Open-Label Extension Study#

The long-term open-label study provides the most extensive clinical experience with nomlabofusp. As of the most recent data cutoff (August 2025):

Enrollment and Exposure#

  • 39 participants received at least one dose in the open-label study (65 total across program)
  • 25 participants (19 adults, 6 adolescents) receiving daily dosing
  • Treatment duration up to 527 days
  • 14 participants treated for at least 6 months; 8 for over 1 year

Frataxin Restoration#

  • 25 mg daily dosing: frataxin increased to 30% of healthy levels in buccal cells and 70% in skin cells after 90 days
  • At 6 months: 100% of participants (n=10) achieved skin frataxin levels equivalent to asymptomatic carriers
  • Sustained frataxin increases maintained with continued dosing
  • Median 2.25-point reduction in mFARS scores at 1 year
  • In contrast, external matched natural history controls (FACOMS) showed mFARS worsening by median 1 point
  • Trends toward improvement also observed on FARS-ADL, 9-HPT (nine-hole peg test), and MFIS (fatigue)

Important Caveats#

  • Open-label, non-randomized design
  • Clinical outcomes compared to external natural history data, not concurrent placebo
  • Small sample sizes for long-term outcomes
  • Selection bias inherent in extension study populations

Safety Across Clinical Program#

Anaphylaxis#

  • 7 participants experienced anaphylaxis in the open-label study
  • Most events occurred on the initial day of administration; all within first 6 weeks
  • All participants recovered fully with standard treatment
  • Modified starting regimen implemented: 5 mg test dose followed by 25 mg one hour later under observation

Injection Site Reactions#

  • Most common adverse event across all studies
  • Predominantly mild (erythema, pruritus, pain, induration, warmth)
  • Median resolution time: 0.24 days (approximately 6 hours)
  • Did not lead to any participant withdrawal

Overall Safety#

  • No serious adverse events or deaths attributed to nomlabofusp in Phase 1 studies
  • Long-term open-label study adverse events were predominantly mild to moderate injection site reactions
  • No withdrawals due to injection site reactions

Evidence Quality Assessment#

CriterionAssessmentDetails
Study designPhase 1 + Phase 2 + OLESAD/MAD published; Phase 2 dose exploration complete
Sample size65+ exposed patientsSmall but appropriate for rare disease
Surrogate endpointFrataxin levelsFDA open to skin FXN as surrogate for accelerated approval
Clinical outcomesTrending positivemFARS improvement vs natural history; uncontrolled
Safety profileManageableAnaphylaxis risk identified and mitigated
Regulatory pathwayAccelerated approvalBLA planned Q2 2026; Phase 3 as confirmatory
Peer-reviewed publicationYes (Phase 1)PMID 38311797 in Ann Clin Transl Neurol

Key Research Gaps#

  1. Randomized controlled efficacy data: The Phase 3 confirmatory trial, planned as a post-approval requirement, will be the first adequately powered RCT with clinical outcome primary endpoints.

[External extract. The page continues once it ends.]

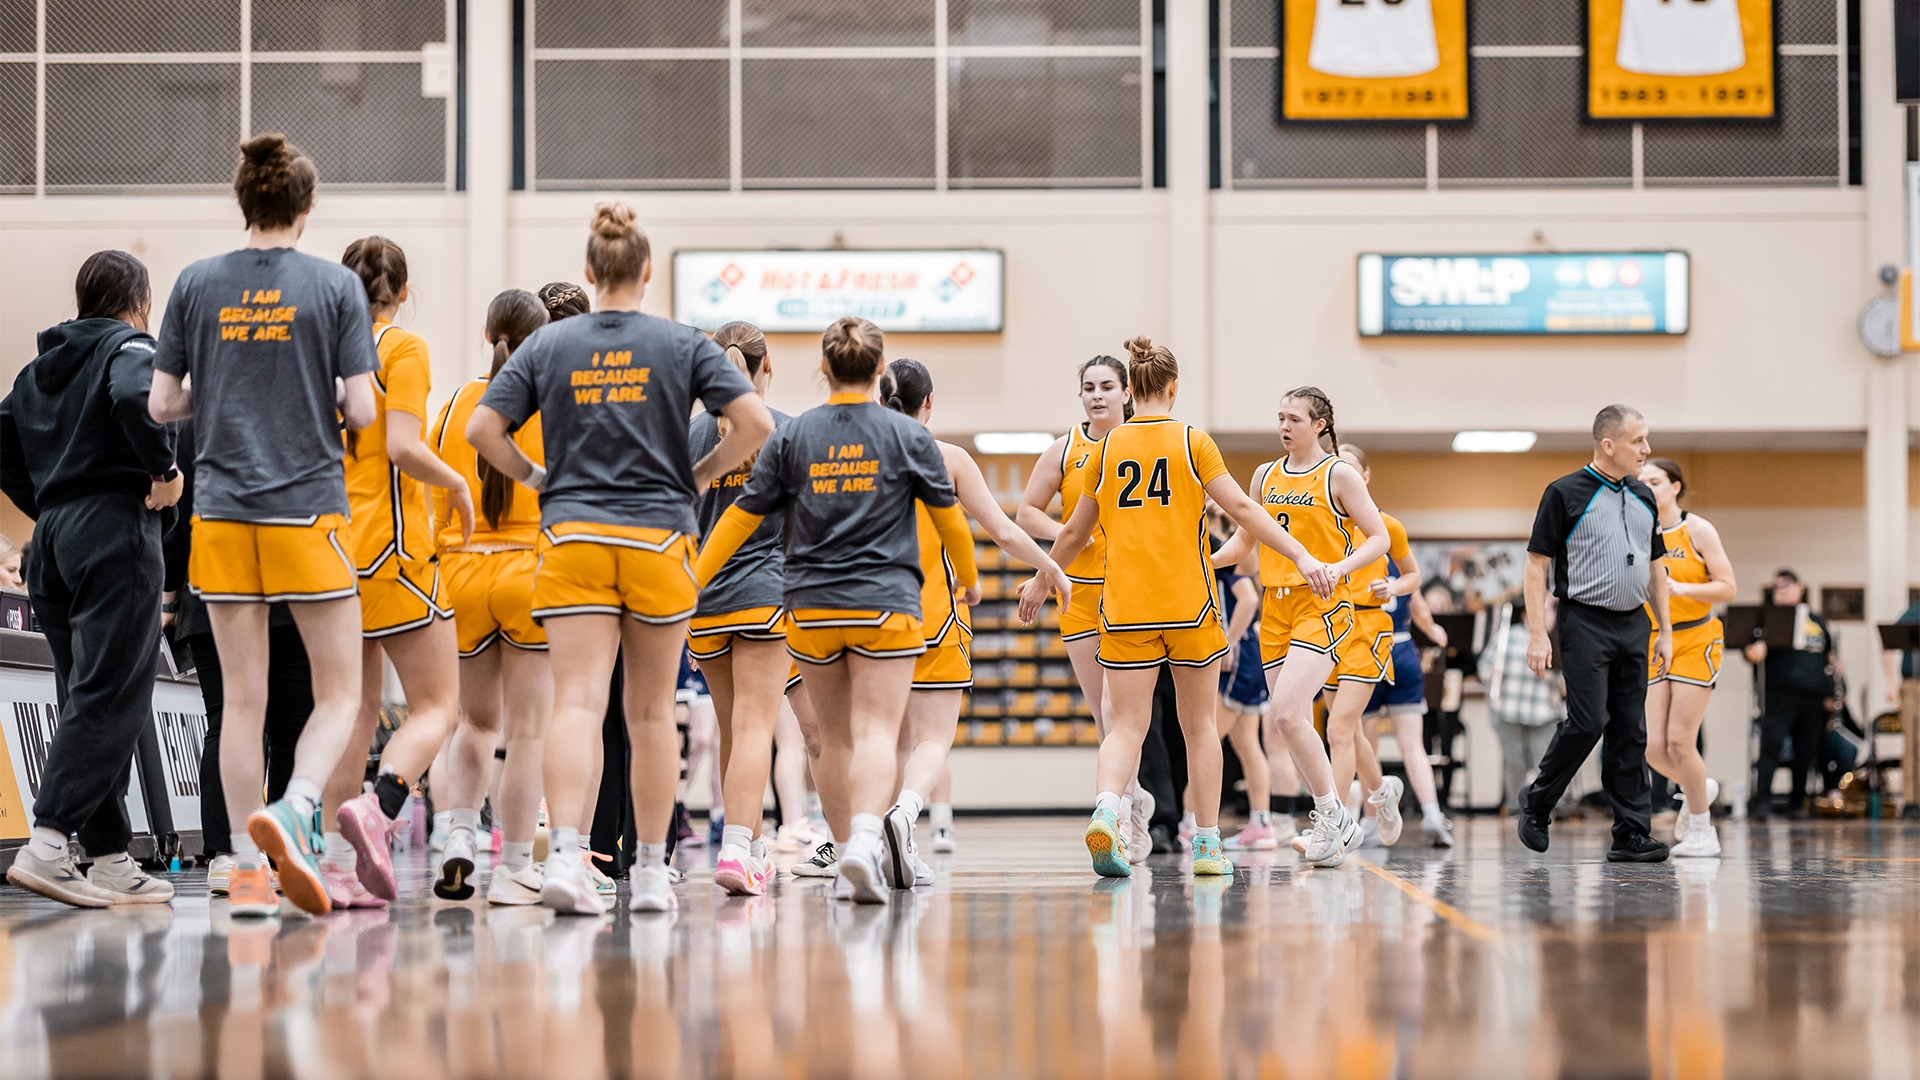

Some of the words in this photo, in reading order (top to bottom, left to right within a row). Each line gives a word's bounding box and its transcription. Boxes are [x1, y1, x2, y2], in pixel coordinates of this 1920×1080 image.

  2. Cardiac outcomes: Cardiomyopathy is the leading cause of death in FA. Nomlabofusp's effect on cardiac frataxin levels and cardiac function has not been systematically assessed.

  3. Pediatric data: While 6 adolescents are included in the open-label study, younger children (who may benefit most from early intervention) have not been studied.

  4. Comparative efficacy: No comparison to omaveloxolone (the only approved FA therapy, which targets NRF2/antioxidant pathways rather than frataxin replacement).

  5. Immunogenicity: Long-term exposure to a recombinant protein may elicit anti-drug antibodies. Full immunogenicity characterization is ongoing.

  6. Optimal dosing: The dose-response relationship for clinical outcomes (beyond frataxin levels) remains to be defined. Whether higher doses (50 mg, 100 mg) provide additional clinical benefit over 25 mg is unknown.